Japanese author and journalist

Kōshun Takami (高見 広春, Takami Kōshun) is a Japanese author and journalist. He is best known for his 1999 novel Battle Royale, which was later adapted into two live-action films, directed by Kinji Fukasaku, and four manga series.

Takami was born on 10 January 1969 in Amagasaki, Hyōgo Prefecture near Osaka and grew up in the Kagawa Prefecture of Shikoku. After graduating from Osaka University with a degree in literature, he dropped out of Nihon University's liberal arts correspondence course program. From 1991 to 1996, he worked for the news company Shikoku Shimbun, reporting on various fields including politics, police reports, and economics.

Kōshun Takami was born Hiroharu Takami (高見宏治, Takami Hiroharu). His new given name is a play on word on his original one. Hiroharu is a homophone of large spring. The author then adopted the kanjis 広春 (large spring) and used their on'yomi pronunciation to form his new name: Kōshun.

Battle Royale was completed after Takami left the news company. It was rejected in the final round of the 1997 literary competition Japan Grand Prix Horror Novel, due to its controversial content depicting Junior High School children forced to kill one another. When finally published in April 1999, it went on to become a bestseller, and only a year later was made into both a manga and a feature film.

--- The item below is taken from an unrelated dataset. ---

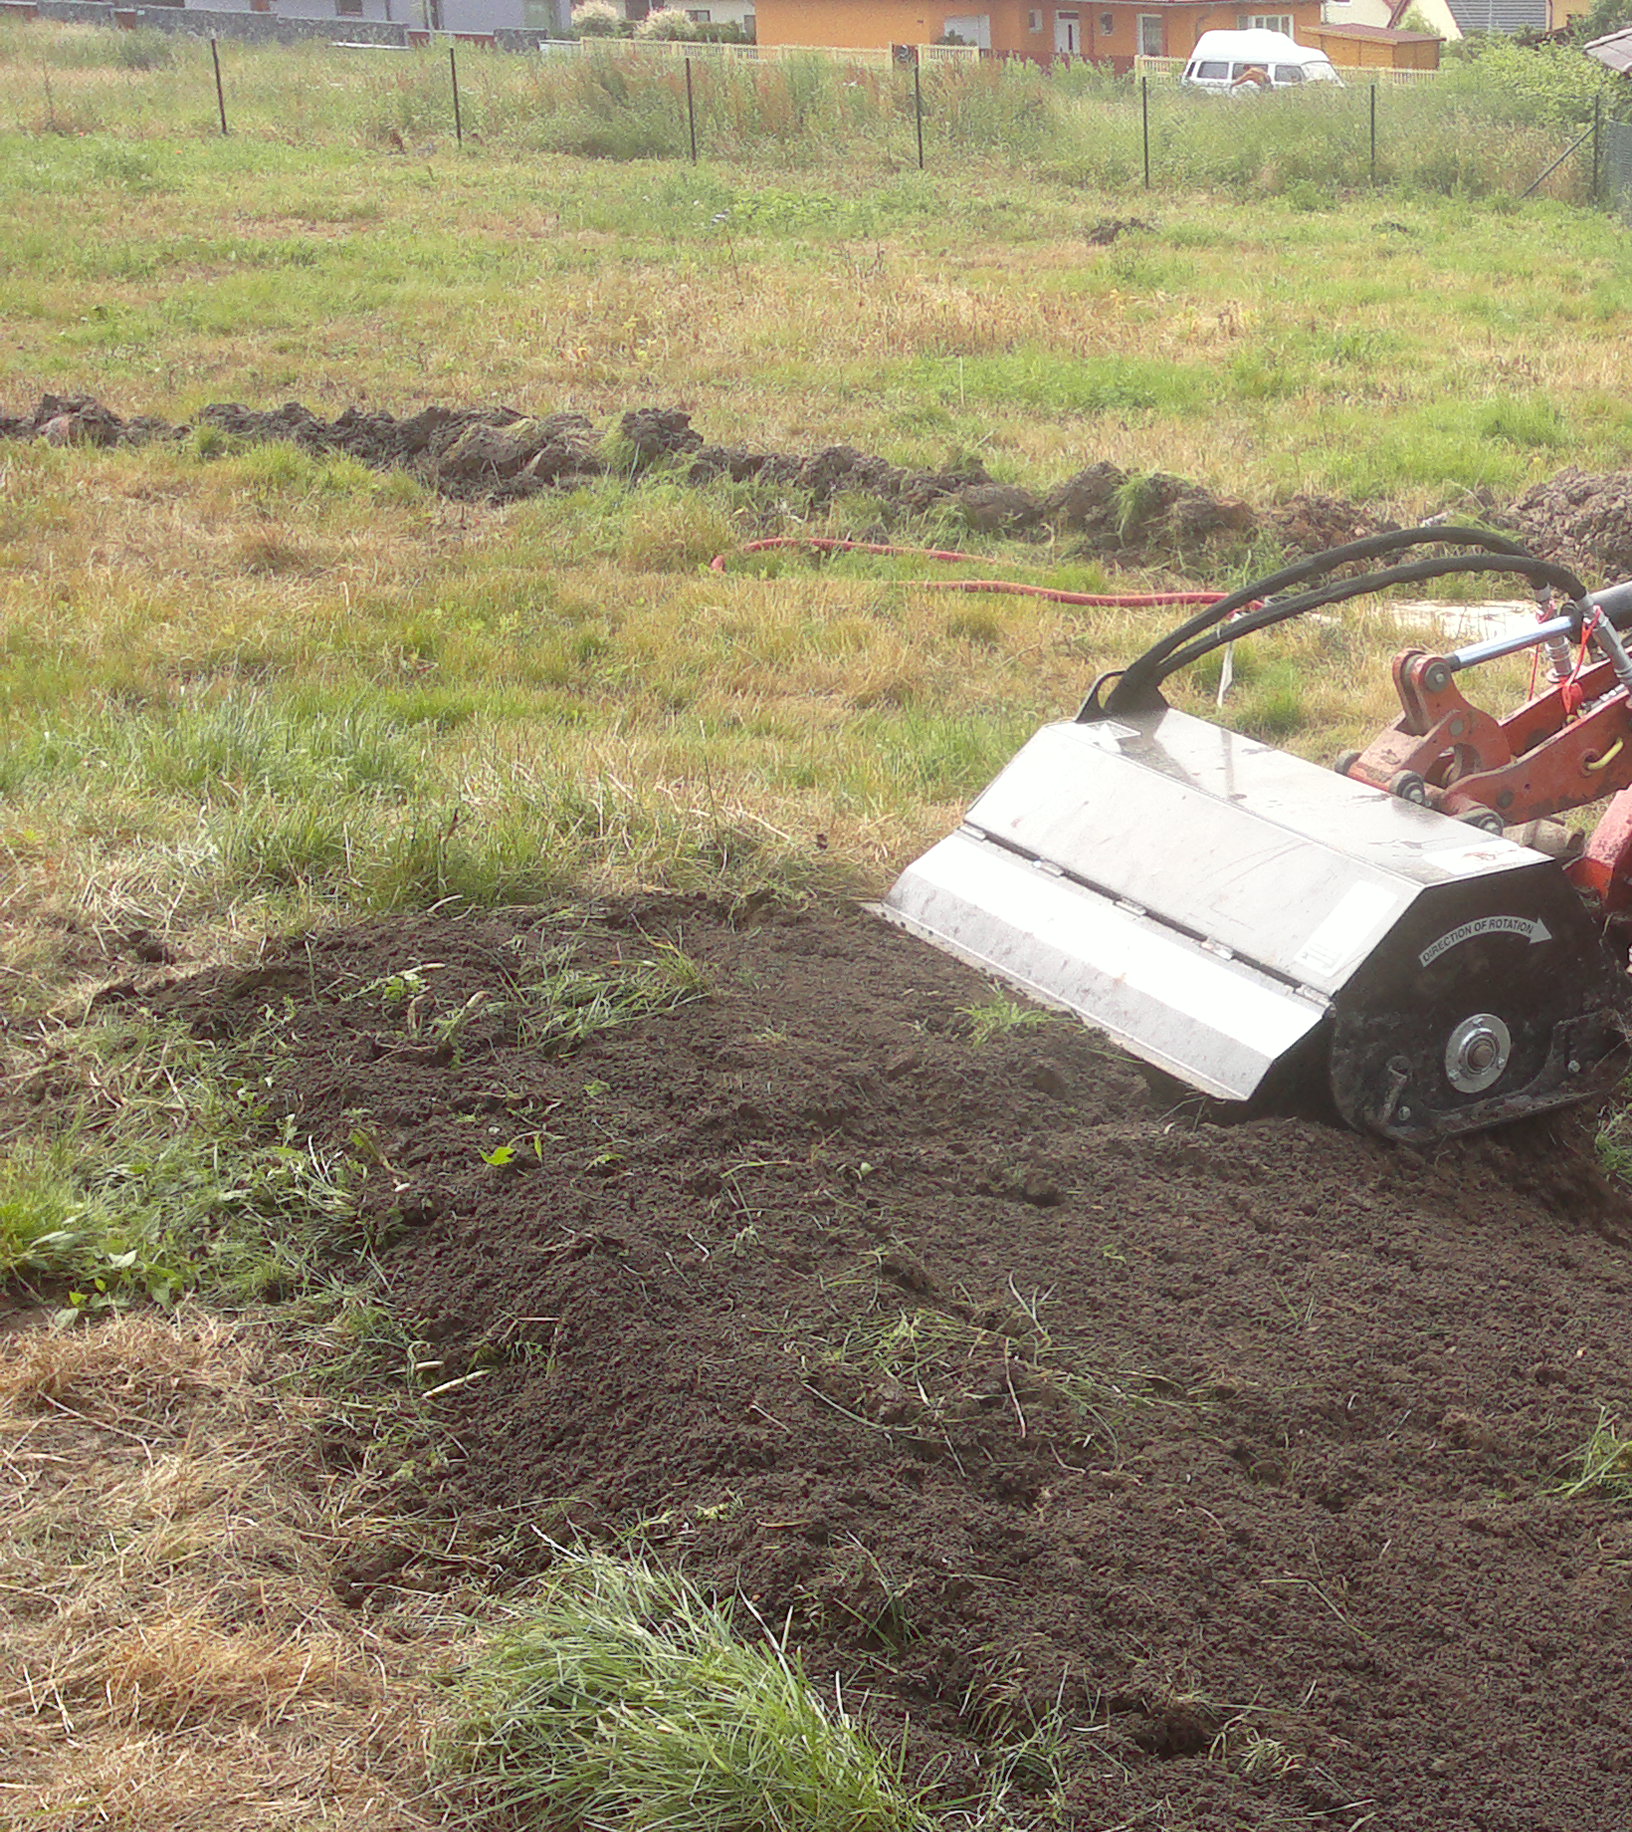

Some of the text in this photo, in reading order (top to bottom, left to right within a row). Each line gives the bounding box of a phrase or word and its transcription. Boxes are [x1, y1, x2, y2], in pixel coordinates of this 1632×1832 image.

The novel was translated into English by Yuji Oniki and published by Viz Media in 2003. An expanded English edition was later published by Haika Soru, a division of Viz Media, in 2009. The first manga also began being released in English in 2003, by Tokyopop, with the last volume published in 2006. As well as being critically acclaimed, the Battle Royale series has become infamous not only in Japan, but around the world and has earned cult status.

Since Battle Royale, Takami has not released any work.